XLVI. La alameda de los tres mil pasos
XLVII. El gabinete de Margarita
XLVIII. Composición
XLIX. El embajador de España
L. Lo que hablaron el rey de Navarra y Chicot
LI. La verdadera querida del rey de Navarra
LII. Popularidad de Chicot
LIII. El montero mayor del rey de Navarra
LIV. Cómo se cazaban los lobos en Navarra
LV. Cómo se portó el rey de Navarra la primera vez que se halló en un combate
LVI. Lo que pasaba en el Louvre
LVII. La pluma encarnada y la pluma blanca
LVIII. Se abre la puerta
LIX. Cómo amaba una gran señora en el año de gracia de 1586
LX. Continuación del anterior
LXI. Lo que sucedía en la casa misteriosa
LXII. El laboratorio
LXIII. Qué hacía en Flandes el duque de Anjou
LXIV. Preparativos de batalla
LXV. Monseñor
LXVI. Franceses y flamencos
LXVII. Los viajeros
LXVIII. Explicación
LXIX. La inundación
LXX. La fuga
LXXI. Transfiguración
LXXII. Los dos hermanos
LXXIII. La expedición
LXXIV. La seducción
LXXV. El viaje
LXXVI. Chicot se convida a sí mismo
LXXVII. Donde se sigue hablando del fraile y de otros que quisieran serlo
LXXVIII. Los dos compadres
LXXIX. «El cuerno de la abundancia»
LXXX. Lo que pasó en el reducto de maese Bonhomet
LXXXI. El marido y el amante
LXXXII. Chicot comienza a ver claro en la carta del duque de Guisa
LXXXIII. El cardenal de Joyeuse
LXXXIV. Donde se da la noticia de Aurilly
LXXXV. Duda
LXXXVI. Certeza
LXXXVII. Fatalidad
LXXXVIII. Las hospitalarias
LXXXIX. Monseñor el duque de Guisa

I. La puerta de San Antonio

Etiamsi omnes.

A las diez de la mañana del 26 de octubre de 1585 no se habían abierto aún las barreras de la puerta de San Antonio.

A las diez y tres cuartos, un piquete de unos veinte suizos, cuyo uniforme daba a entender que pertenecían a los pequeños cantones, es decir, a los más fieles partidarios de Enrique III, desembocó por la calle de la Mortellerie hacia la puerta de San Antonio, la cual se abrió, volviendo a cerrarse luego de haberles dado paso.
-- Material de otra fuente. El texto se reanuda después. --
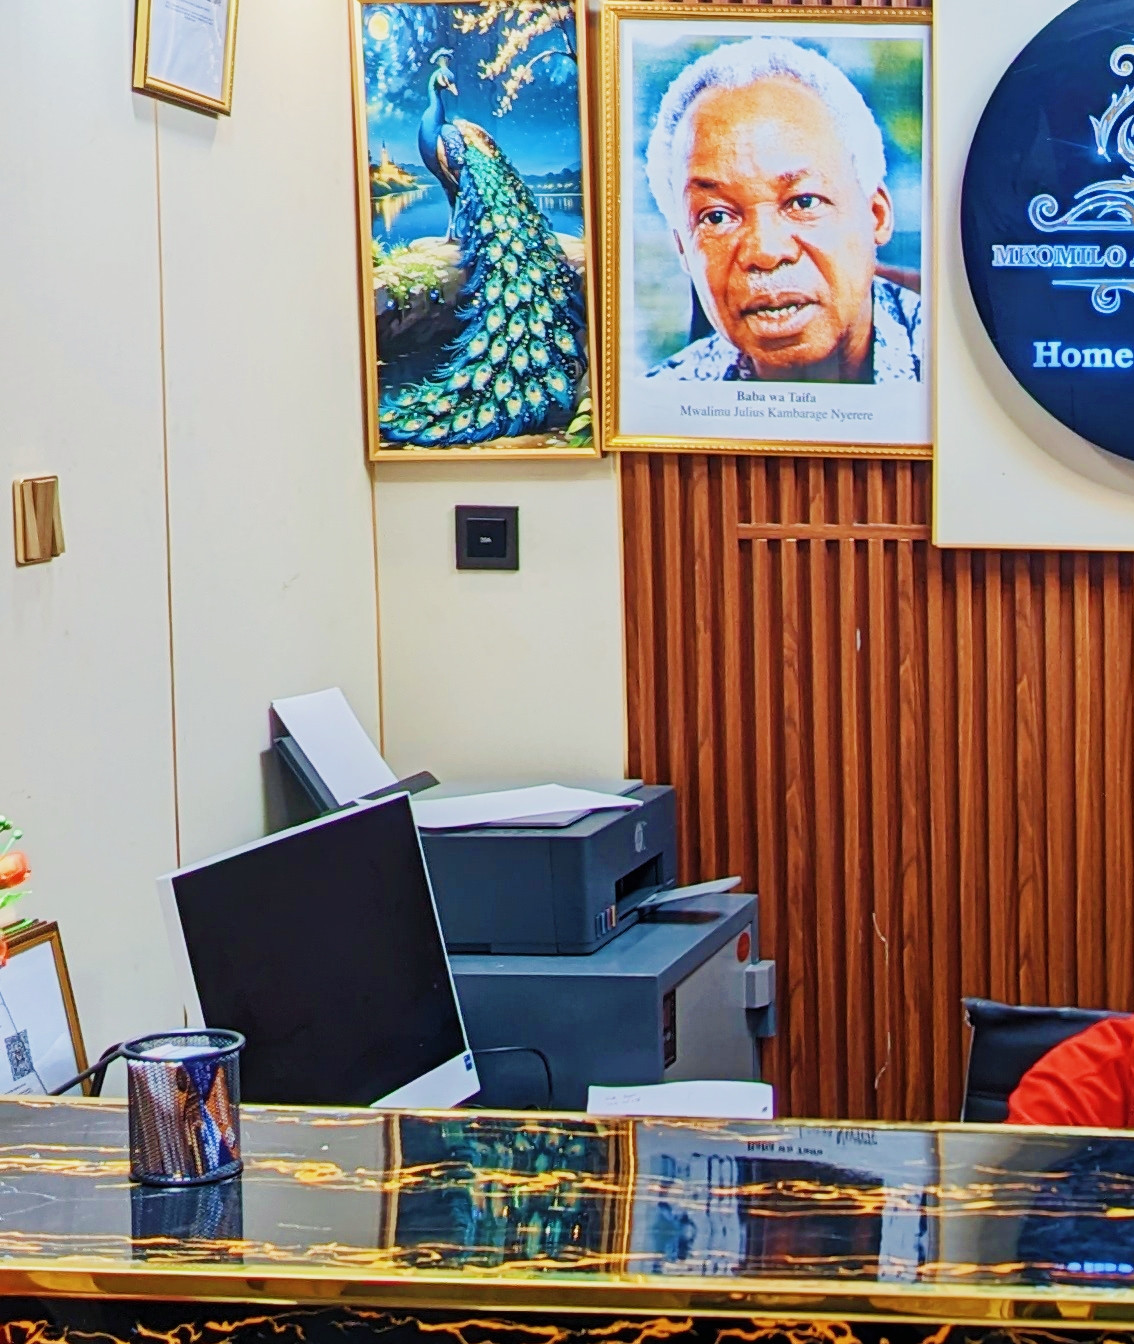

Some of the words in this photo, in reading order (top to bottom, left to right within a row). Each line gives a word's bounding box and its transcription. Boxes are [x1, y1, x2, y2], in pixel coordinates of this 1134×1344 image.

[991, 244, 1127, 268] MKOMILO
[1032, 341, 1134, 368] Home
[737, 390, 766, 402] Baba
[769, 394, 785, 403] wa
[788, 391, 817, 404] Taifa
[680, 404, 731, 417] Mwalimu
[733, 406, 765, 418] Julius
[768, 407, 828, 422] Kambarage
[831, 408, 874, 423] Nyerere
En la parte exterior de dicha puerta los suizos se alinearon a orillas del soto que por aquel lado cercaba las dos líneas del camino.

Su aparición hizo entrar en la ciudad antes de las doce a gran número de paisanos que a ella se encaminaban desde Montreuil, Vincennes y Saint-Maur, operación que antes no habían podido llevar a efecto por hallarse cerrada la puerta.

En vista de la referida aparición del piquete, pudo pensarse que el señor preboste intentaba prevenir el desorden que era fácil tuviese lugar en la puerta de San Antonio con la afluencia de tanta gente.

En efecto, a cada momento llegaban, por los tres caminos convergentes, religiosos de los conventos circunvecinos: mujeres que cabalgaban en lucidos asnos, labradores tendidos en sus carretas que penetraban por entre aquella masa ya considerable, detenida en la barrera por la clausura inesperada de las puertas, que nada tenían que ver con la mayor o menor prisa de los que a ella acudían, formaban una especie de rumor semejante al bajo continuo de la armonía, al paso que algunas voces, dejando el diapasón general, subían hasta la octava para expresar sus amenazas o sus quejas.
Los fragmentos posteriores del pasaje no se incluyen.